Quanti sono i medici obiettori di coscienza in Italia? Quante le donne costrette a spostarsi fuori regione per effettuare un’interruzione volontaria di gravidanza (Ivg)? Quante le ore di formazione del personale che si occupa di prestazioni legate all’aborto? Sono queste le domande, alcune delle quali rimaste senza risposta, che hanno mosso Sonia Montegiove e Chiara Lalli, le autrici di Mai dati. Dati aperti (sulla 194), perché sono nostri e perché ci servono per scegliere (Fandango libri).
Un libro inchiesta sulla legge 194 del 1978, la norma che ha reso legale l’aborto in Italia, realizzata utilizzando una richiesta di accesso civico generalizzato. Uno strumento che consente a chiunque di ottenere i dati in possesso della pubblica amministrazione. Per realizzarlo, le autrici hanno inviato un’istanza a tutte le aziende sanitarie e ospedaliere d’Italia, chiedendo appunto i dati sull’applicazione della norma. Un metodo analogo a quello utilizzato da Wired per realizzare l’inchiesta dedicata ai immunizzazioni dell’età pediatrica.

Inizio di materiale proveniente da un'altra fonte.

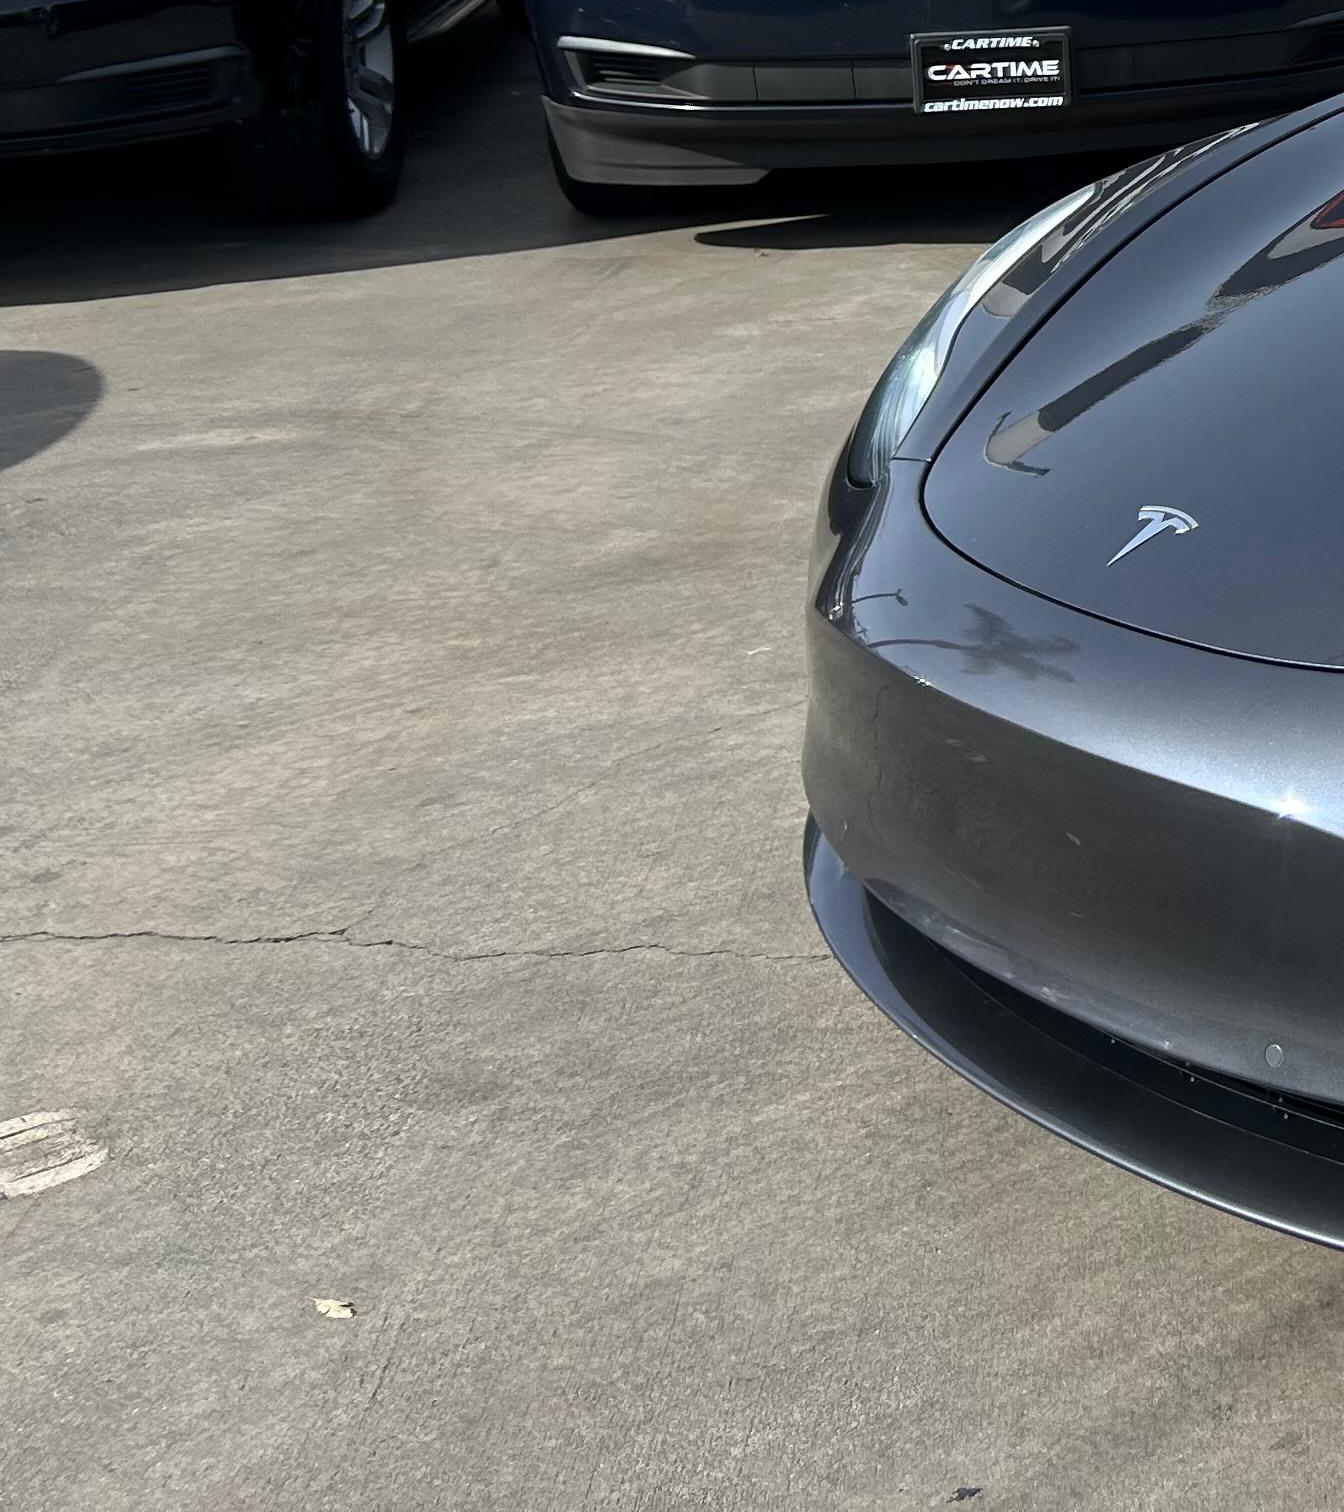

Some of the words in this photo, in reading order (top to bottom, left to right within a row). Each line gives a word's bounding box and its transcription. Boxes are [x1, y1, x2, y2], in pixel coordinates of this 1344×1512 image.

[952, 36, 1034, 50] CARTIME
[927, 59, 1060, 81] CARTIME
[924, 96, 1063, 113] cartimenow.com
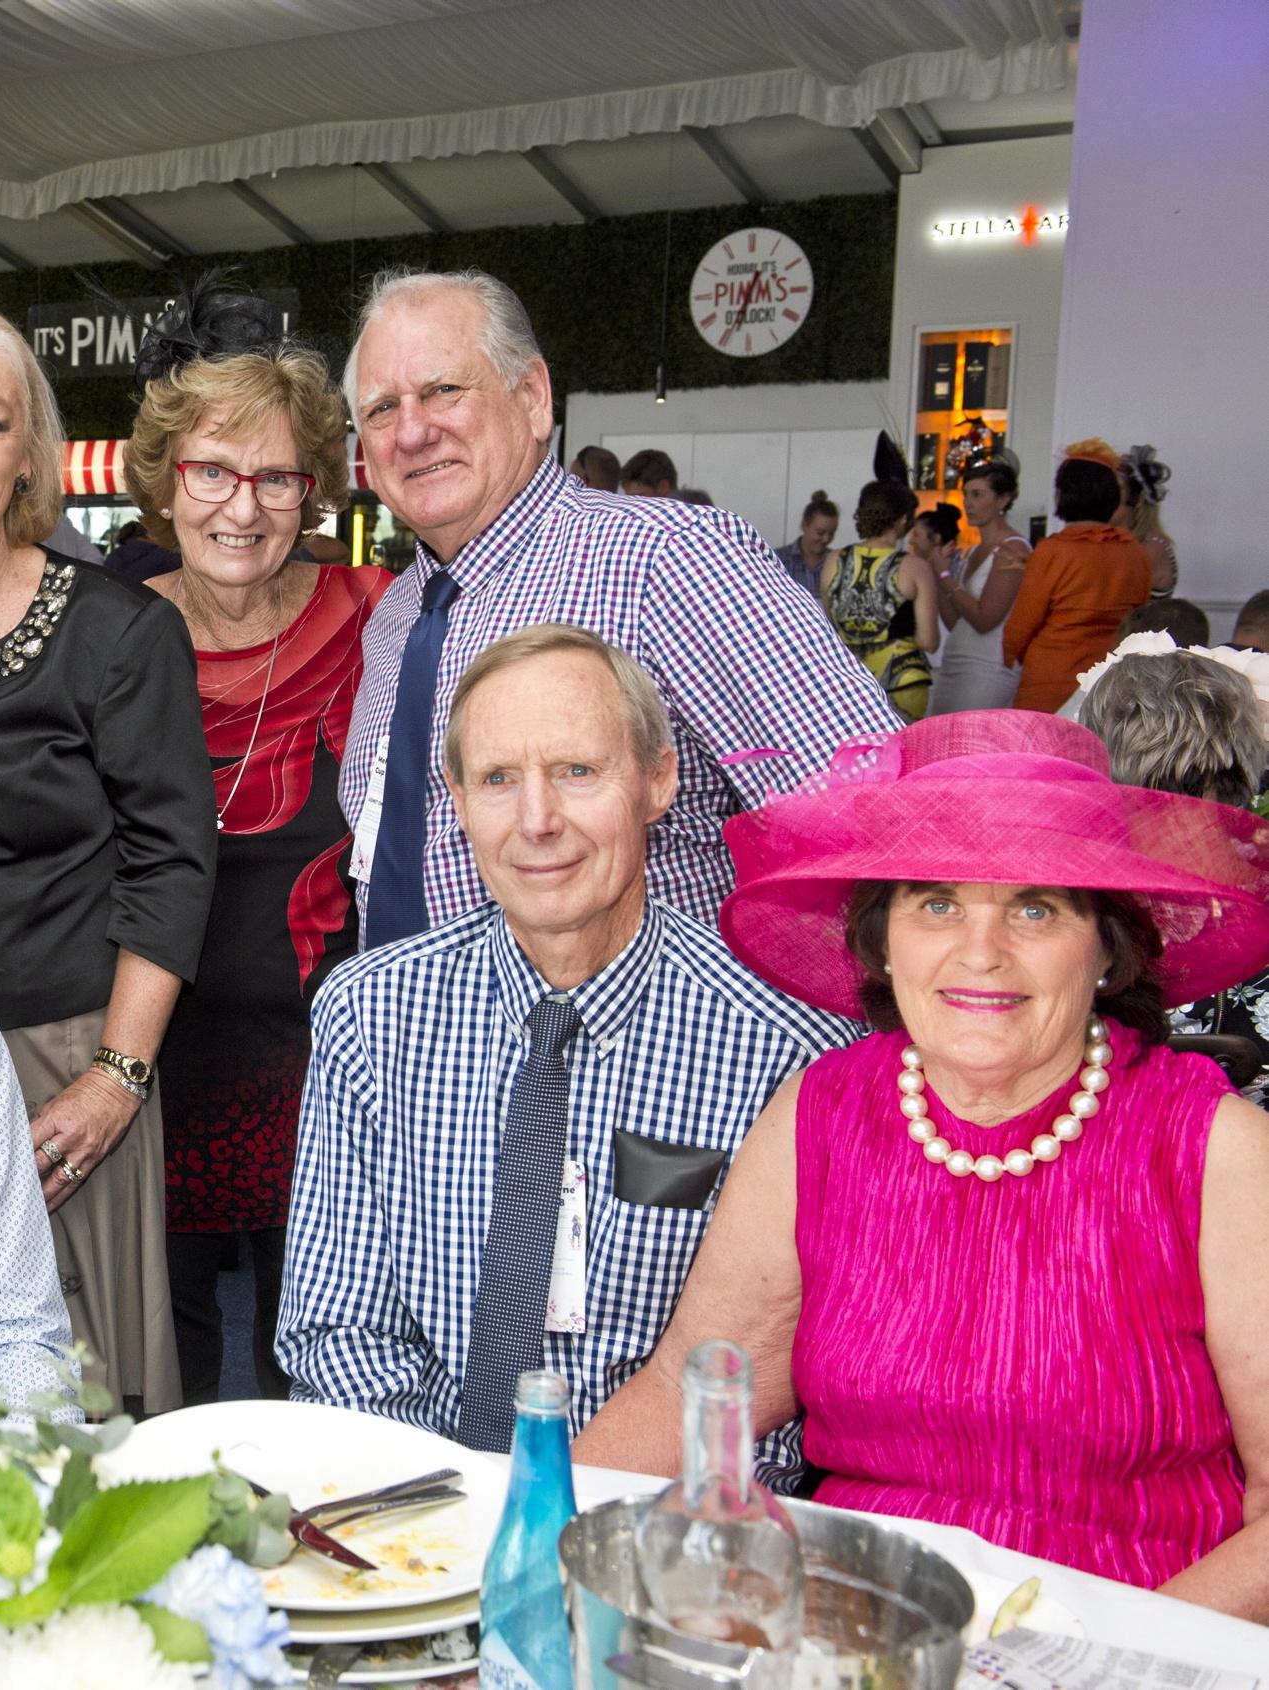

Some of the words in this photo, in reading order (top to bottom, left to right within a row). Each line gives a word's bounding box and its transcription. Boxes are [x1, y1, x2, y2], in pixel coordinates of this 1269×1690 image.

[933, 219, 1015, 236] STELLA
[714, 272, 788, 307] PIMM'S
[33, 326, 66, 356] IT'S
[375, 766, 385, 776] Cup

Anche in questo caso, il punto di partenza è la scarsa qualità dei dati messi a disposizione dal ministero della Salute. “Oggi vengono pubblicati dei pdf – spiega a Wired Montegiove – che dovrebbero essere disponibili entro febbraio, ma non sempre è così: lo scorso anno arrivarono a settembre, nel 2022 siamo a giugno e ancora non ci sono”. Questione dirimente per una procedura che, salvo rischi per la salute della madre, deve essere condotta entro i 90 giorni dal concepimento. “Il fattore tempo è decisivo”, dice Montegiove.
Non è tutto. Una delle due autrici spiega anche che “non ci sono dati sui tempi di attesa, perché le Igv vengono ricomprese nel totale delle visite ginecologiche, quindi non sappiamo quanto si debba attendere”. Quei pochi dati che vengono forniti, oltre a non essere aperti sono anche aggregati. Nel senso che “sappiamo quanti aborti siano eseguiti su base regionale, ma non nelle singole strutture, dato che consentirebbe di valutare il carico di lavoro di ciascun ginecologo”, aggiunge Montegiove.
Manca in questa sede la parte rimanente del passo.